Data items
· · · · ·

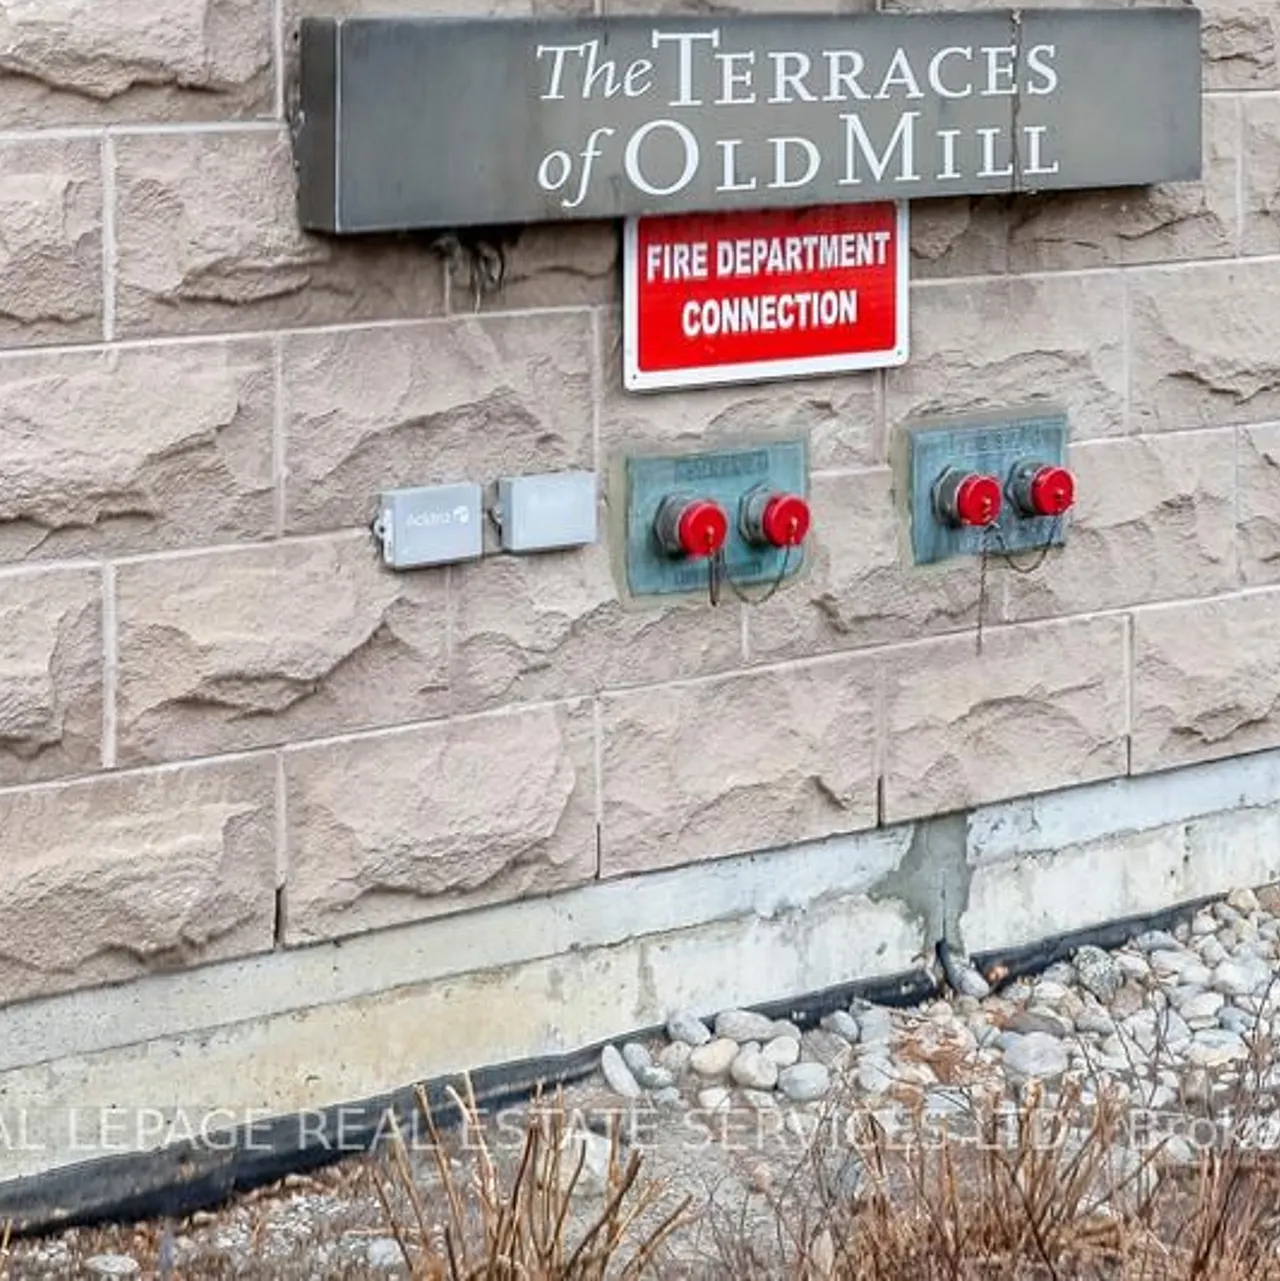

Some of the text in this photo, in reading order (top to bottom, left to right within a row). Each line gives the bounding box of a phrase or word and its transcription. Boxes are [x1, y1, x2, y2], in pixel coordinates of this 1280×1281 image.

[536, 29, 1059, 107] The TERRACES
[537, 110, 1059, 207] of OLD MILL
[646, 231, 891, 283] FIRE DEPARTMENT
[682, 288, 858, 338] CONNECTION
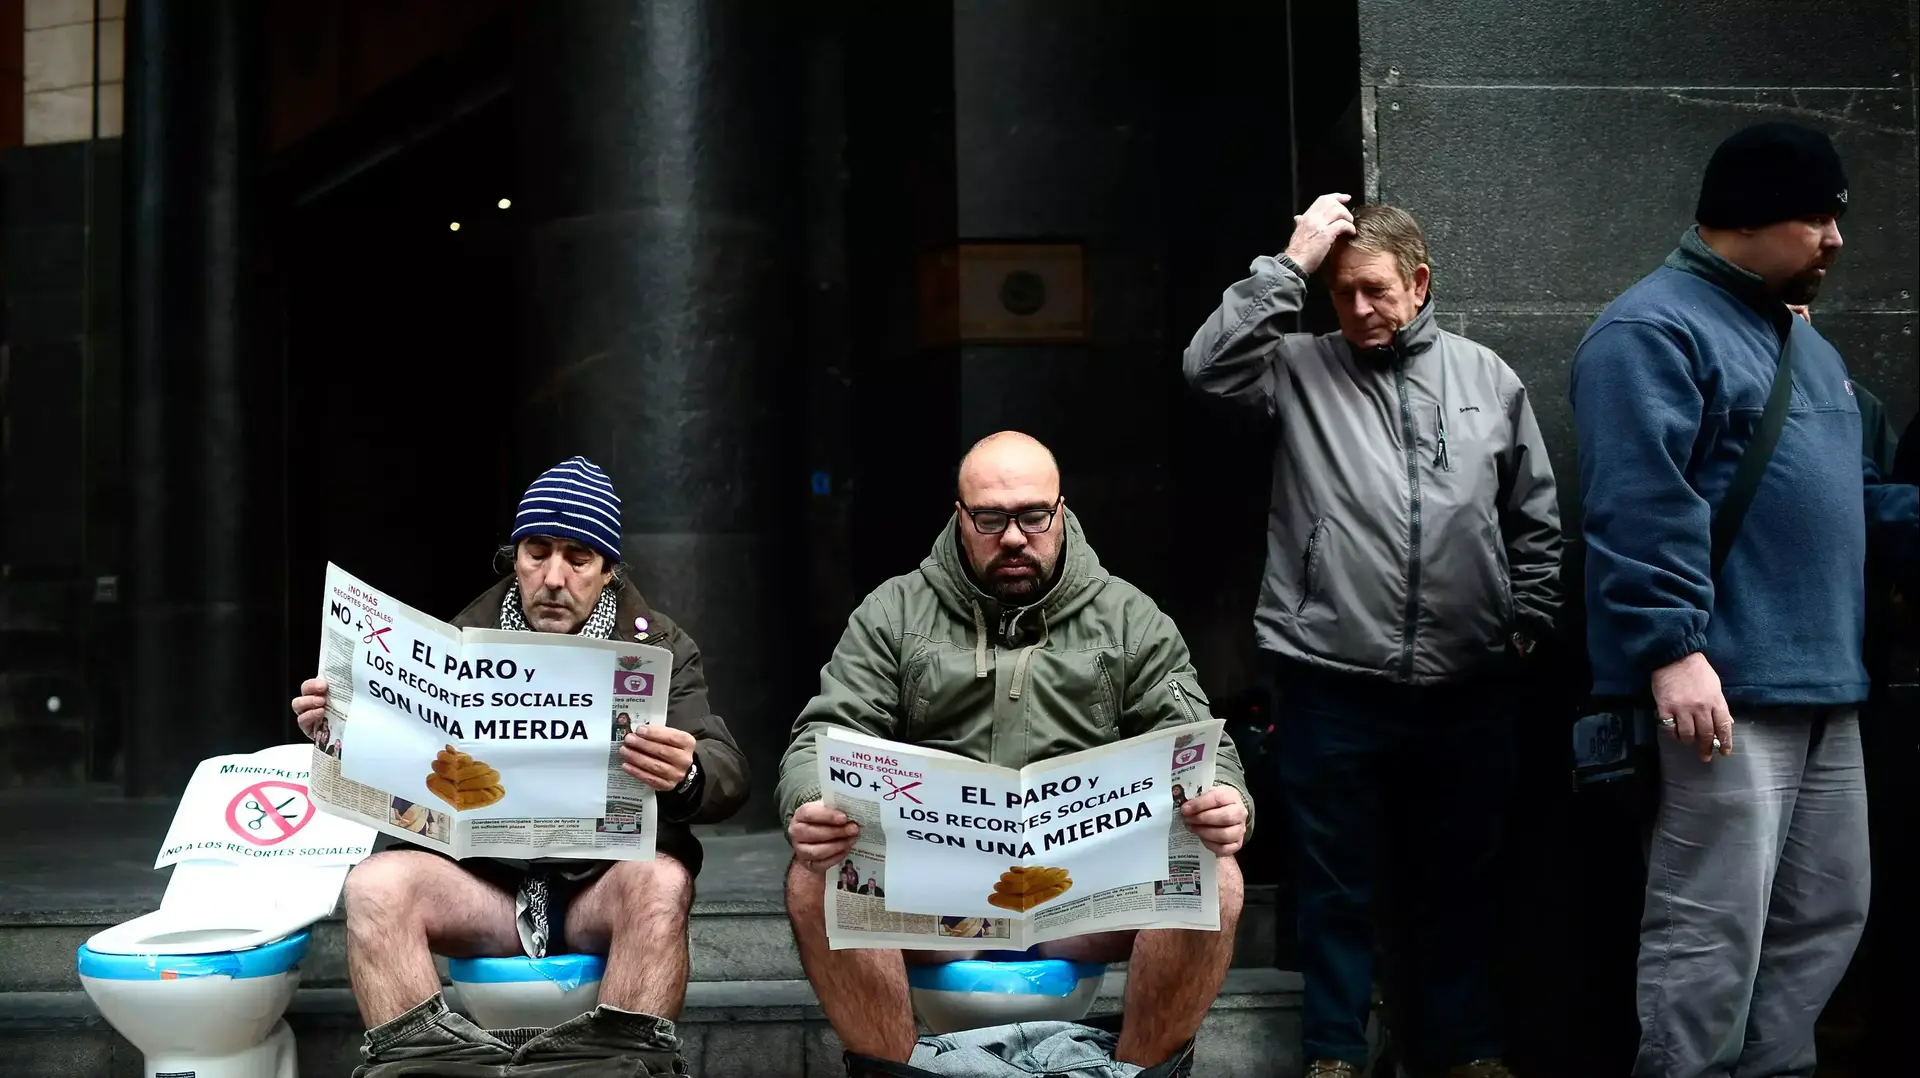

· · · · ·

Repeat each line of the records above exactly, but do not copy the pictures.

▶ _Task response_:
Some of the text in this photo, in reading order (top to bottom, left to right within a row). Each line gives the bounding box of a phrase or word and its transcription. Boxes are [x1, y1, x2, y2], in pixel coordinates of this 1280×1281 image.

[536, 29, 1059, 107] The TERRACES
[537, 110, 1059, 207] of OLD MILL
[646, 231, 891, 283] FIRE DEPARTMENT
[682, 288, 858, 338] CONNECTION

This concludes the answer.